Human Monocyte–Derived Macrophages Express an ≈120-kD Ox-LDL Binding Protein With Strong Identity to CD68

Abstract

A protein that specifically binds oxidized LDL (Ox-LDL) has recently been characterized in mouse peritoneal macrophages and identified as macrosialin, a protein with a molecular weight of 95 kD. First, the present work shows that human monocyte–derived macrophages express a membrane protein with a molecular weight of ≈120 kD that selectively binds Ox-LDL. Second, we tested whether this ≈120-kD Ox-LDL binding protein had any relation to CD68, the human homologue of macrosialin. The following evidence was obtained to support the role of CD68 as an Ox-LDL binding protein: (1) Ligand blots with Ox-LDL and Western blots with Ki-M6, an anti–human CD68 monoclonal antibody, revealed a single band with a molecular weight of ≈120 kD under reducing and nonreducing condition. (2) The expression patterns of the ≈120-kD Ox-LDL binding membrane protein and of CD68 paralleled each other during monocyte/macrophage differentiation. (3) Digestion withN-glycosidase F demonstrated that both CD68 and the Ox-LDL binding protein are glycoproteins; both showed a similar shift of ≈18 kD in apparent molecular weight. (4) CD68, probed with monoclonal antibody Ki-M6, and the ≈120-kD Ox-LDL binding protein were coprecipitated with EBM11, another anti-CD68 antibody.
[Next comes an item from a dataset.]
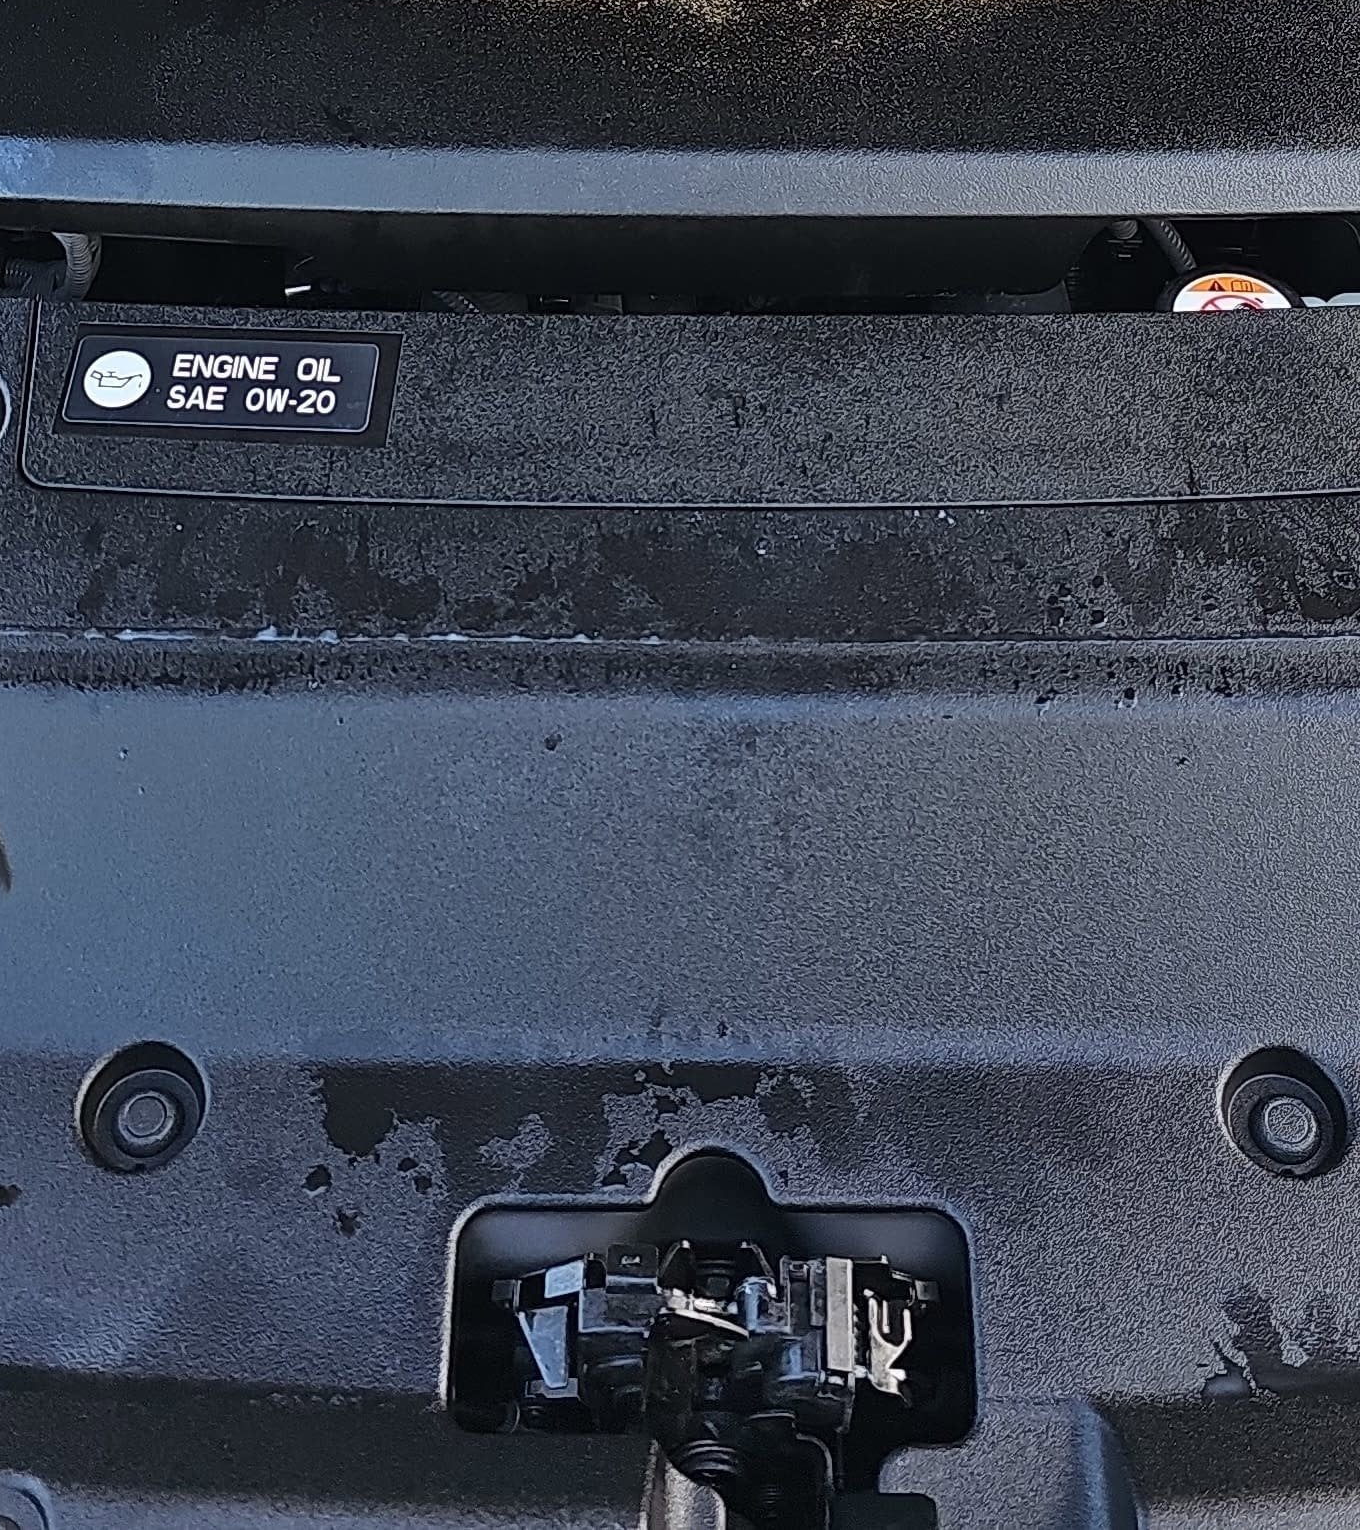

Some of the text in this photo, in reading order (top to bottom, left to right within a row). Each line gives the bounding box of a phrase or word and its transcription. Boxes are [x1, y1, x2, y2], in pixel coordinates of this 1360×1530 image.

[172, 354, 342, 383] ENGINE OIL
[167, 386, 336, 415] SAE 0W-20
About 5000 molecules of CD68 are expressed on the cell surface of human macrophages. Ligation of¹²⁵I–Ki-M6 to cells leads to its internalization and degradation. This capacity would be sufficient to allow for the specific uptake and degradation of Ox-LDL. Taken together, these data support a role for CD68 as a specific Ox-LDL binding protein in human monocyte–derived macrophages.